Chapter 25, Problem 10P

A patient can’t see objects closer than 40.0 cm and wishes to clearly see objects that are 20.0 cm from his eye. (a) Is the patient nearsighted or farsighted? (b) If the eye-lens distance is 2.00 cm, what is the minimum object distance p from the lens? (c) What image position with respect to the lens will allow the patient to see the object? (d) Is the image real or virtual? Is the image distance q positive or negative? (e) Calculate the required focal length. (f) Find the power of the lens in diopters. (g) If a contact lens is to be prescribed instead, find p, q, and f and the power of the lens.

To determine

Is the person nearsighted or farsighted.

Answer to Problem 10P

The person is farsighted.

Explanation of Solution

The person is able to see distant objects but unable to focus on objects at the normal near point for the human eye.

Conclusion:

Thus, the person is farsighted.

To determine

The minimum object distance from the lens.

Answer to Problem 10P

The minimum object distance from the lens is $18.0\text{cm}$.

Explanation of Solution

With the corrective lens $2.00\text{cm}$ in front of the eye, the object distance for an object $20.0\text{cm}$ in front of the eye is,

$\begin{array}{c}p=20.0\text{cm}-2.00\text{cm}\\ =\text{18}\text{.0}\text{cm}\end{array}$

Conclusion:

Thus, the minimum object distance from the lens is $\underset{\_}{18.0\text{cm}}$.

To determine

What image position with respect to the lens will allow the patient to see the object.

Answer to Problem 10P

The image position is $38.0\text{cm}$.

Explanation of Solution

The upright, virtual image formed by the corrective lens will serve as the object for the eye.

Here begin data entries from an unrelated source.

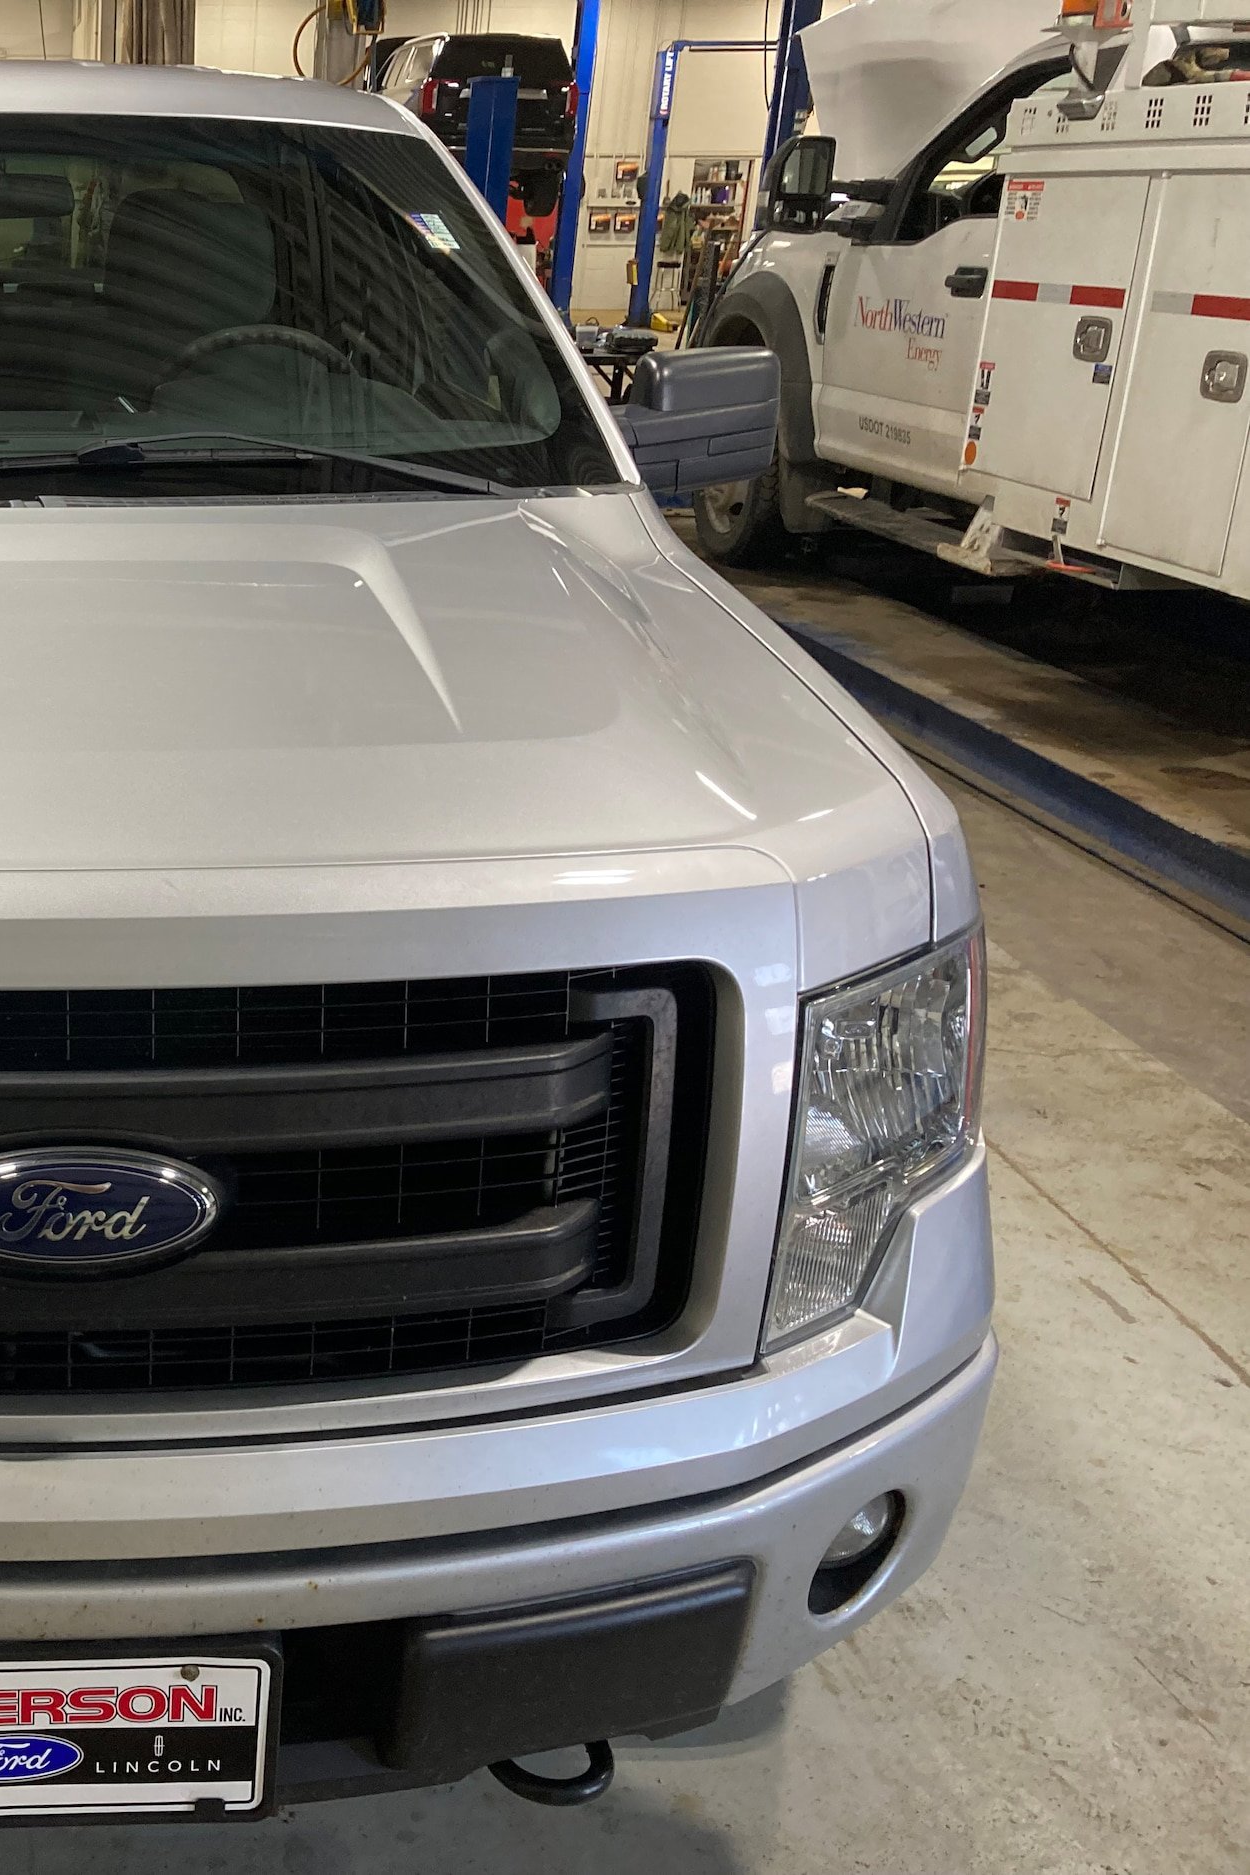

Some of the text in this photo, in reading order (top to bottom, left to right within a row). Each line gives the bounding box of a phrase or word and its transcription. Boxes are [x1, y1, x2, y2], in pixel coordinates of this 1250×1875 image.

[854, 295, 946, 339] NorthWestern
[906, 337, 942, 371] Energy
[858, 415, 884, 437] USDOT
[219, 1707, 245, 1722] INC.
[96, 1759, 222, 1774] LINCOLN
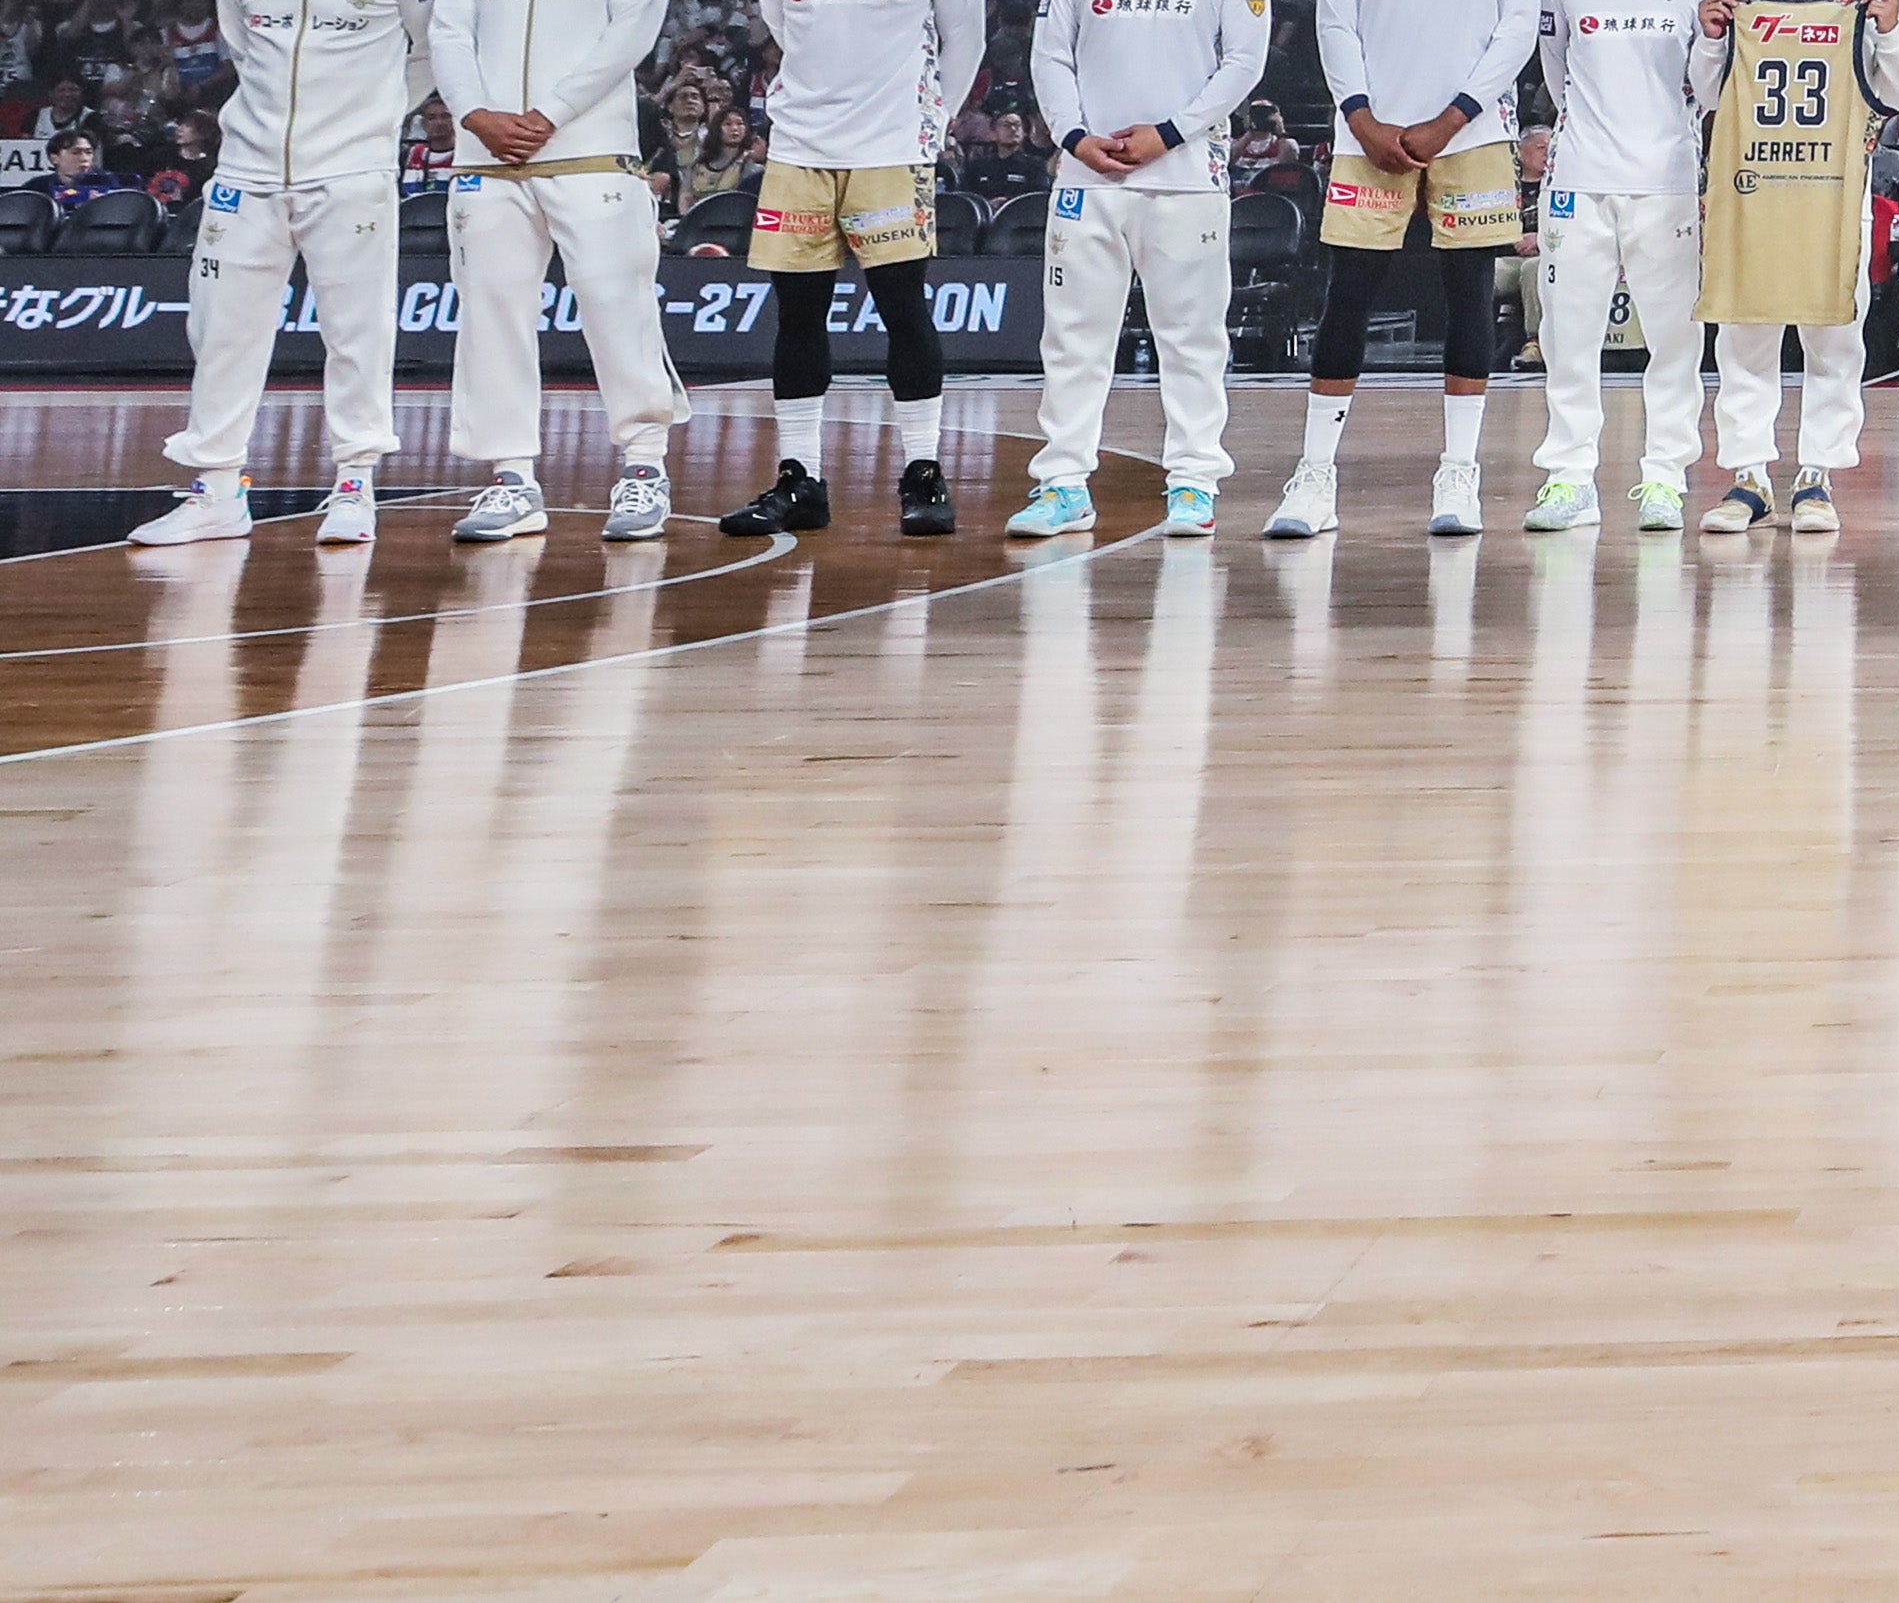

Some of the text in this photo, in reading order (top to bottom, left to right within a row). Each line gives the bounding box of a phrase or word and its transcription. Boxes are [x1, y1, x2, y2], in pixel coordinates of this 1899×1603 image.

[1602, 16, 1676, 33] 琉球銀行
[1754, 58, 1830, 128] 33
[1744, 142, 1832, 162] JERRETT
[1458, 212, 1518, 227] RYUSEKI
[200, 258, 220, 279] 34
[1048, 265, 1063, 287] 15
[1547, 264, 1556, 284] 3
[826, 283, 1007, 332] EAON
[1605, 333, 1624, 344] AKI

The object must be $40.0\text{cm}$ in front of the eye. With the lens $2.00\text{cm}$ in front of the eye, the image distance is,

$\begin{array}{c}\left|q\right|=40.0\text{cm}-2.00\text{cm}\\ =\text{38}\text{.0}\text{cm}\end{array}$

Conclusion:

Thus, the image position is $\underset{\_}{38.0\text{cm}}$.

To determine

Is the image real or virtual. Is the image distance positive or negative.

Answer to Problem 10P

The image is virtual and image distance is negative.

Explanation of Solution

The image must be located in front of the corrective lens, so it is a virtual image. The image distance is negative.

$q=-38.0\text{cm}$

Conclusion:

Thus, the image is virtual and image distance is negative.

To determine

Calculate the required focal length.

Answer to Problem 10P

The required focal length is $34.2\text{cm}$.

Explanation of Solution

The lens equation is,

$\frac{1}{f}=\frac{1}{p}+\frac{1}{q}$

• $f$ is the focal length
• $p$ is the object distance
• $q$ is the image distance

The focal length is,

$f=\frac{pq}{p+q}$

Substitute $18.0\text{cm}$ for $p$ and $-38.0\text{cm}$ for $q$.

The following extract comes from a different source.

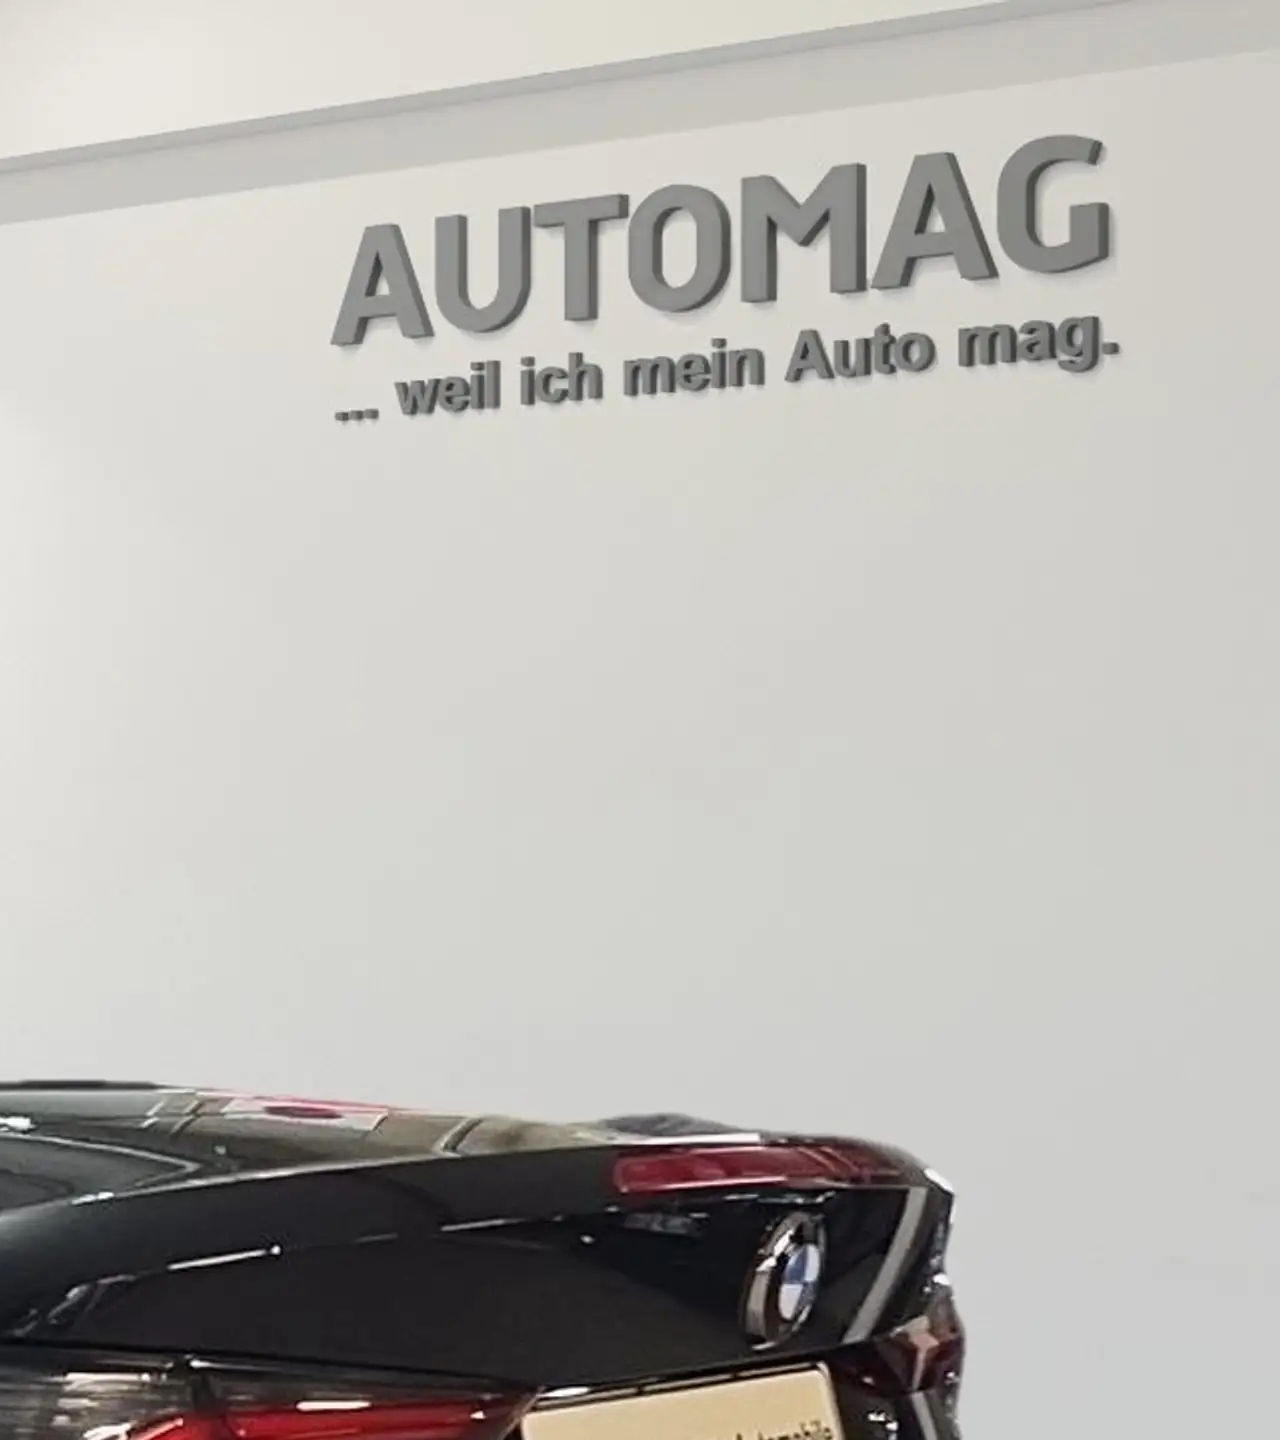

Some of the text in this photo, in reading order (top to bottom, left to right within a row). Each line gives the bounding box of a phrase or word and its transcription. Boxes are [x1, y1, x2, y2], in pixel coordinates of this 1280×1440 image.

$\begin{array}{c}f=\frac{\left(18.0\text{cm}\right)\left(-38.0\text{cm}\right)}{18.0\text{cm}-38.0\text{cm}}\\ =34.2\text{cm}\end{array}$

Conclusion:

Thus, the required focal length is $\underset{\_}{34.2\text{cm}}$.

To determine

The power of the corrective lens.

Answer to Problem 10P

The power of the corrective lens is $2.92\text{diopters}$.

Explanation of Solution

The power of the lens is,

$P=\frac{1}{f_{\text{in meters}}}$

Substitute $0.342\text{m}$ for $f$.

$\begin{array}{c}P=\frac{1}{0.342\text{m}}\\ =2.92\text{diopters}\end{array}$

Conclusion:

Thus, the power of the corrective lens is $\underset{\_}{2.92\text{diopters}}$.

To determine

The focal length of the corrective lens.

Answer to Problem 10P

The required values are $p=20.0\text{cm}$, $q=-40.0\text{cm}$, $f=40.0\text{cm}$ and $P=2.50\text{diopters}$.

Explanation of Solution

With the contact lens, the lens to eye distance would be zero. So, the object distance is,

$p=20.0\text{cm}$

The image distance is,

$q=-40.0\text{cm}$

The focal length is,

$f=\frac{pq}{p+q}$

Substitute $20.0\text{cm}$ for $p$ and $-40.0\text{cm}$ for $q$.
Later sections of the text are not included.